TASK TO COMPLETE » Keep every word the same. Repeat the records without their images.

THE DATA »
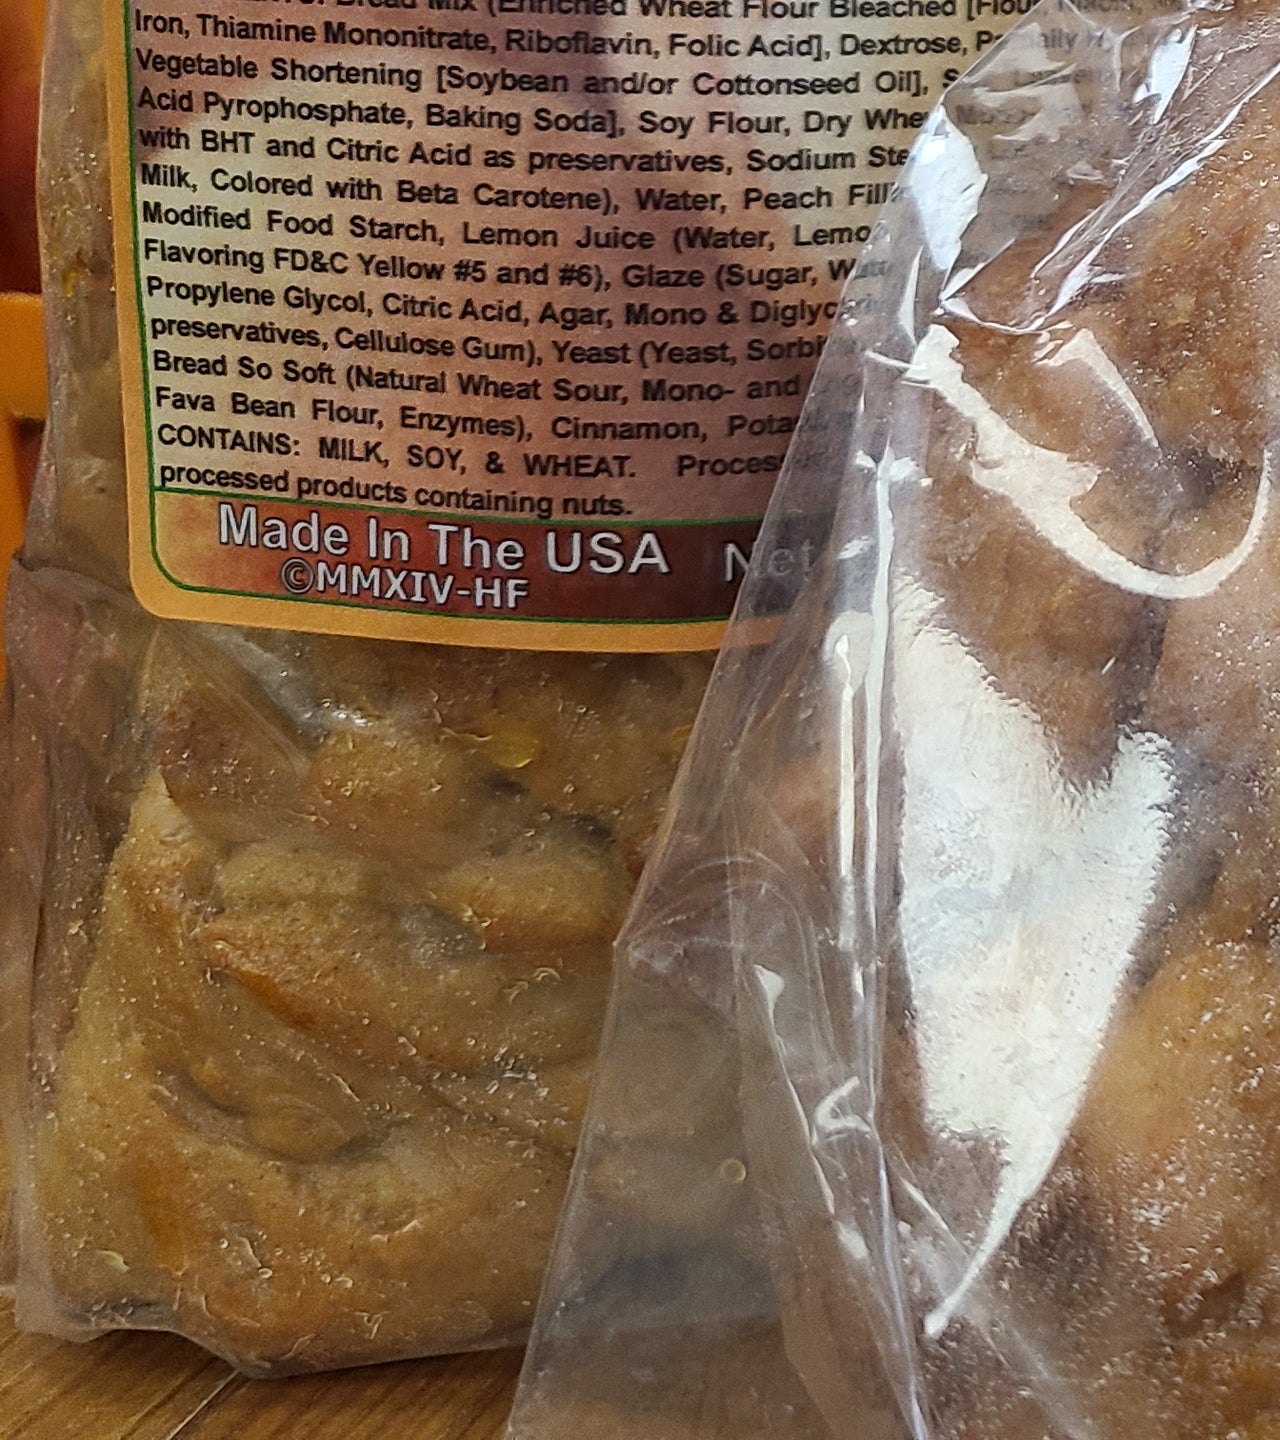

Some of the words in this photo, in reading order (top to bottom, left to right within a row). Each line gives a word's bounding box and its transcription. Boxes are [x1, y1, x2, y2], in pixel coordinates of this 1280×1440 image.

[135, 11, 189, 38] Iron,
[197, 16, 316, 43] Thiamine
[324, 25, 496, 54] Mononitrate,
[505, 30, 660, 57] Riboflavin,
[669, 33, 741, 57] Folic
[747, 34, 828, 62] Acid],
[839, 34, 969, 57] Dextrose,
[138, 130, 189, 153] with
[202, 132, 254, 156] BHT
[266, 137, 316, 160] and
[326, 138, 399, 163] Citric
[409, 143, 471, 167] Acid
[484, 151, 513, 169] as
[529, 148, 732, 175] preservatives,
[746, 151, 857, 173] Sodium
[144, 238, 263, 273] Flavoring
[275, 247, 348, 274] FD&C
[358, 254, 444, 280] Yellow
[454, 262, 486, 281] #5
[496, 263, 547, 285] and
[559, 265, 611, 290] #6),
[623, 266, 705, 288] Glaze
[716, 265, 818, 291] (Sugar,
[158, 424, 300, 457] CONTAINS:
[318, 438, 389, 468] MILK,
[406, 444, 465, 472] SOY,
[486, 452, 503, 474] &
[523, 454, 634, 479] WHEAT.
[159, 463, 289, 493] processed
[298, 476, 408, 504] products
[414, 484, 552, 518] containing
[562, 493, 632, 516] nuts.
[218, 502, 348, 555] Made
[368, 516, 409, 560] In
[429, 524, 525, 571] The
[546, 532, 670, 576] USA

SOLVED EXERCISE »
Some of the words in this photo, in reading order (top to bottom, left to right within a row). Each line gives a word's bounding box and its transcription. Boxes are [x1, y1, x2, y2], in pixel coordinates of this 1280×1440 image.

[135, 11, 189, 38] Iron,
[197, 16, 316, 43] Thiamine
[324, 25, 496, 54] Mononitrate,
[505, 30, 660, 57] Riboflavin,
[669, 33, 741, 57] Folic
[747, 34, 828, 62] Acid],
[839, 34, 969, 57] Dextrose,
[138, 130, 189, 153] with
[202, 132, 254, 156] BHT
[266, 137, 316, 160] and
[326, 138, 399, 163] Citric
[409, 143, 471, 167] Acid
[484, 151, 513, 169] as
[529, 148, 732, 175] preservatives,
[746, 151, 857, 173] Sodium
[144, 238, 263, 273] Flavoring
[275, 247, 348, 274] FD&C
[358, 254, 444, 280] Yellow
[454, 262, 486, 281] #5
[496, 263, 547, 285] and
[559, 265, 611, 290] #6),
[623, 266, 705, 288] Glaze
[716, 265, 818, 291] (Sugar,
[158, 424, 300, 457] CONTAINS:
[318, 438, 389, 468] MILK,
[406, 444, 465, 472] SOY,
[486, 452, 503, 474] &
[523, 454, 634, 479] WHEAT.
[159, 463, 289, 493] processed
[298, 476, 408, 504] products
[414, 484, 552, 518] containing
[562, 493, 632, 516] nuts.
[218, 502, 348, 555] Made
[368, 516, 409, 560] In
[429, 524, 525, 571] The
[546, 532, 670, 576] USA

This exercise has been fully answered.